Image-backed grounding data
.....

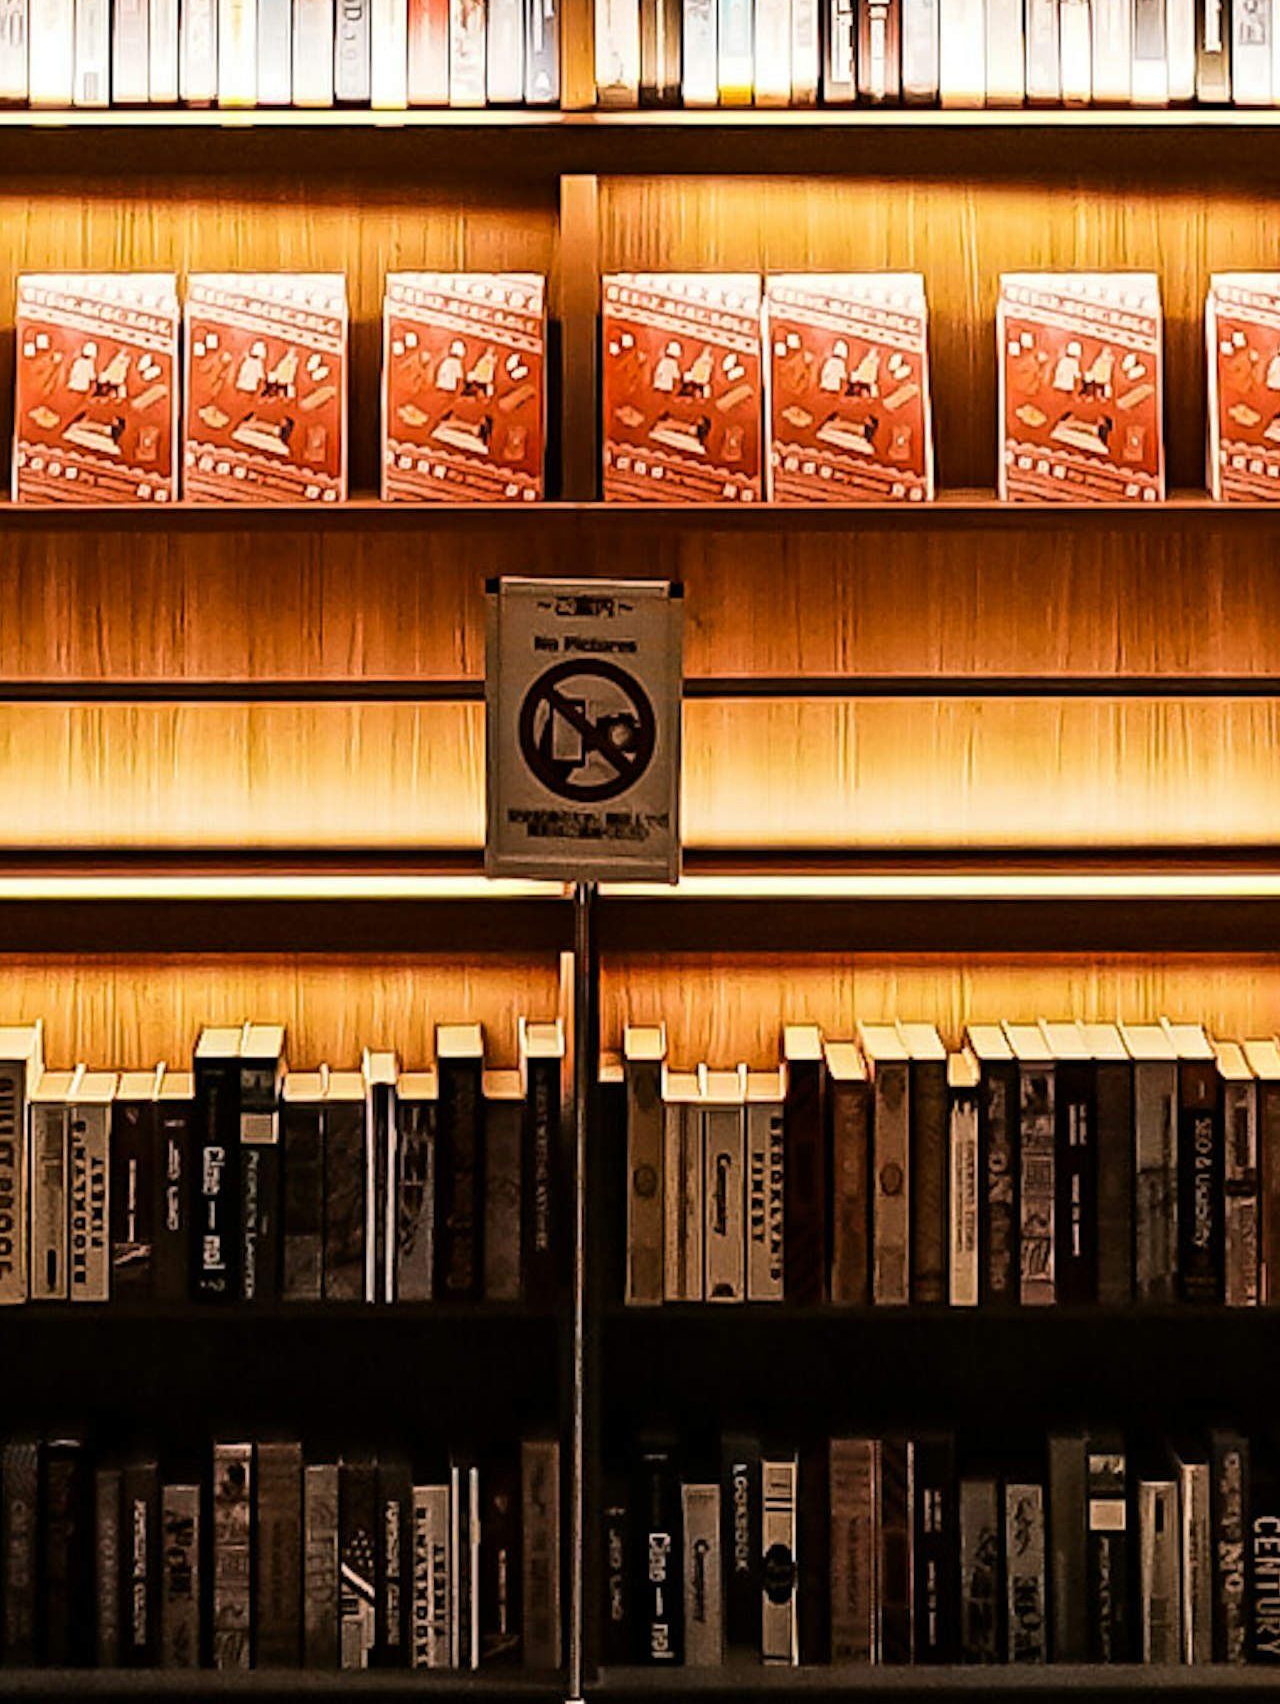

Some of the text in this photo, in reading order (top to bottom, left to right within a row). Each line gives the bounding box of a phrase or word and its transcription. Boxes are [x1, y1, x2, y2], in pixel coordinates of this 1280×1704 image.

[534, 636, 637, 653] No Pictures
[713, 1151, 733, 1236] Company
[751, 1151, 765, 1245] FINEST
[1190, 1118, 1213, 1248] SEO Usability
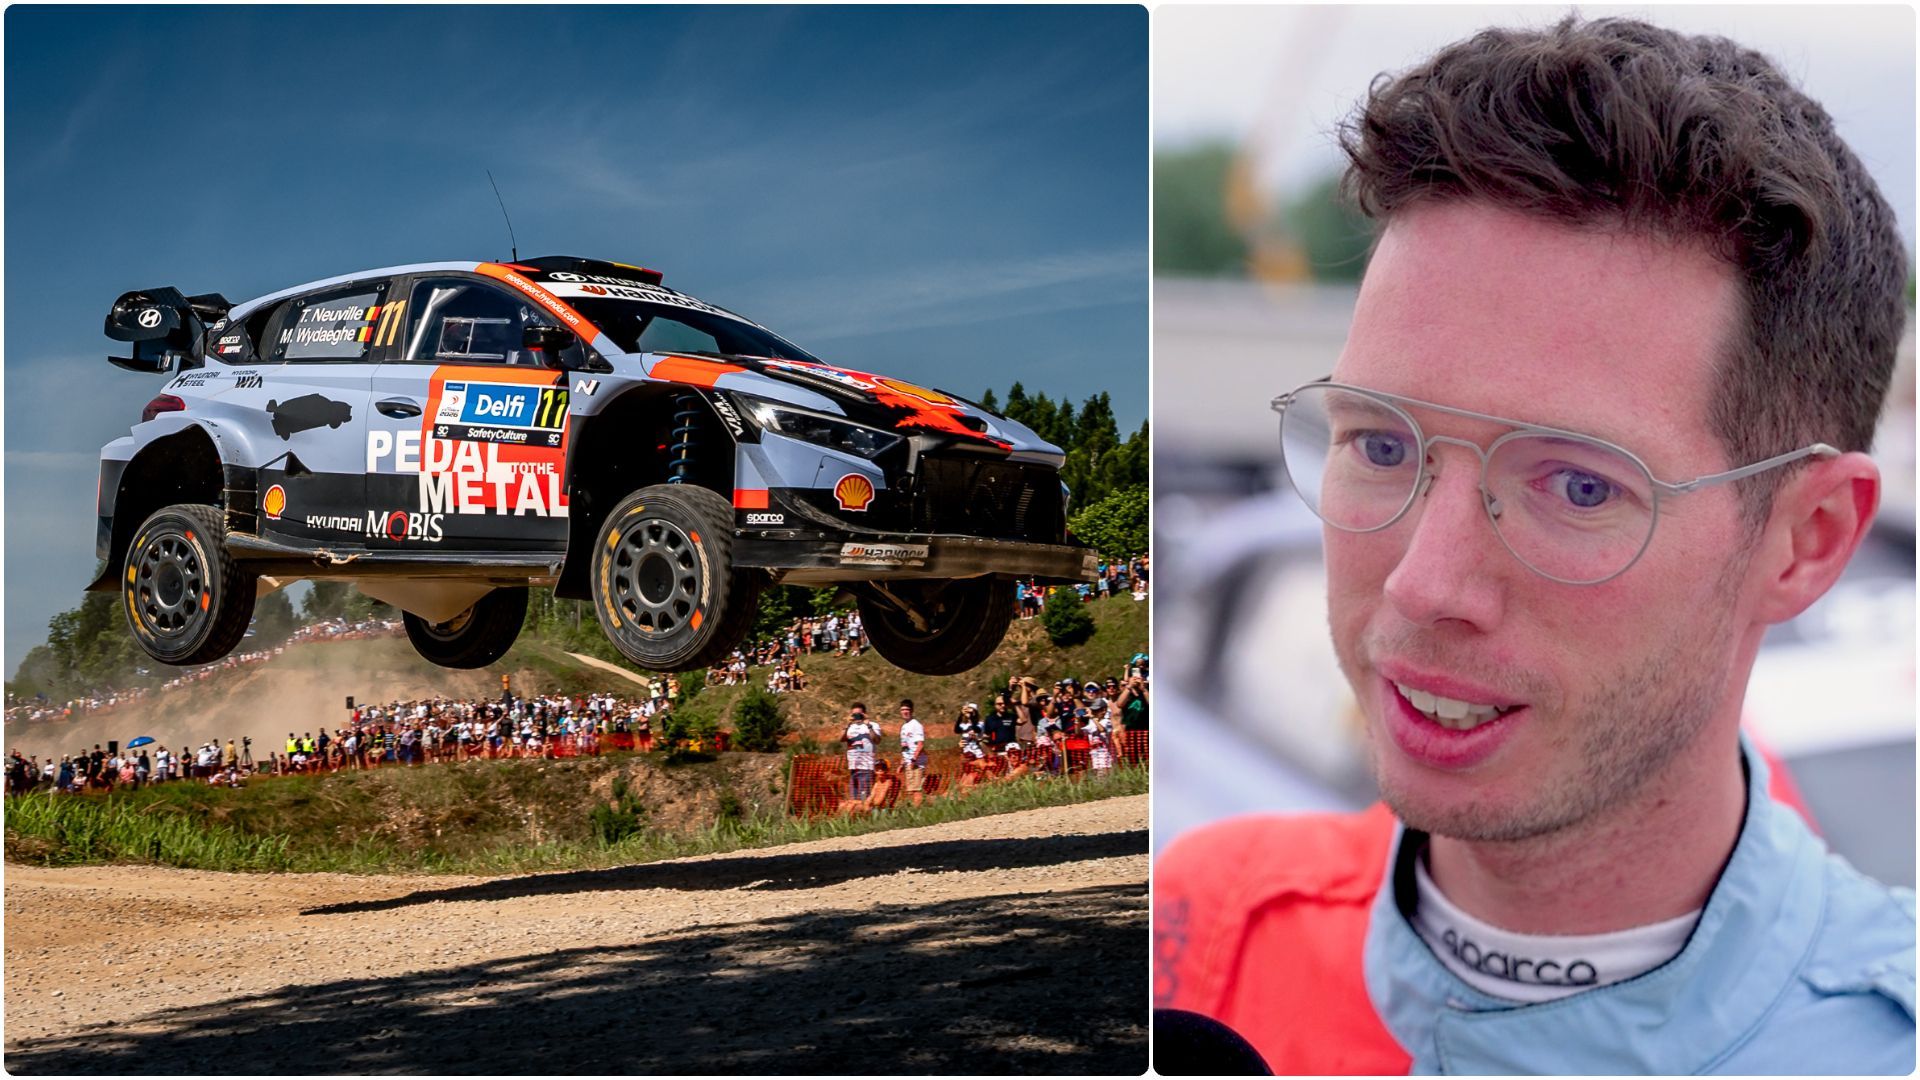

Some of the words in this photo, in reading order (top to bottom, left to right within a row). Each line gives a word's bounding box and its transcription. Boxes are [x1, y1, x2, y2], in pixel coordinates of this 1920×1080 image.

[300, 309, 312, 323] T.
[312, 306, 364, 323] Neuville
[375, 300, 407, 347] 11
[280, 328, 293, 344] M.
[296, 326, 356, 346] Wydaeghe
[474, 394, 525, 418] Delfi
[540, 389, 568, 428] 11
[467, 427, 528, 441] SafetyCulture
[367, 430, 516, 475] PEDAL
[418, 471, 569, 518] METAL
[306, 514, 362, 532] HYUNDAI
[366, 509, 444, 541] MOBIS
[746, 513, 784, 524] sparco
[1442, 930, 1598, 987] sparco

.....

▶ Instructions for the task: Copy out the records exactly. Do not include the pictures.

▶ Solution to this exercise:
Some of the text in this photo, in reading order (top to bottom, left to right within a row). Each line gives the bounding box of a phrase or word and its transcription. Boxes are [x1, y1, x2, y2], in pixel coordinates of this 1280×1704 image.

[534, 636, 637, 653] No Pictures
[713, 1151, 733, 1236] Company
[751, 1151, 765, 1245] FINEST
[1190, 1118, 1213, 1248] SEO Usability

Some of the words in this photo, in reading order (top to bottom, left to right within a row). Each line gives a word's bounding box and its transcription. Boxes are [x1, y1, x2, y2], in pixel coordinates of this 1920×1080 image.

[300, 309, 312, 323] T.
[312, 306, 364, 323] Neuville
[375, 300, 407, 347] 11
[280, 328, 293, 344] M.
[296, 326, 356, 346] Wydaeghe
[474, 394, 525, 418] Delfi
[540, 389, 568, 428] 11
[467, 427, 528, 441] SafetyCulture
[367, 430, 516, 475] PEDAL
[418, 471, 569, 518] METAL
[306, 514, 362, 532] HYUNDAI
[366, 509, 444, 541] MOBIS
[746, 513, 784, 524] sparco
[1442, 930, 1598, 987] sparco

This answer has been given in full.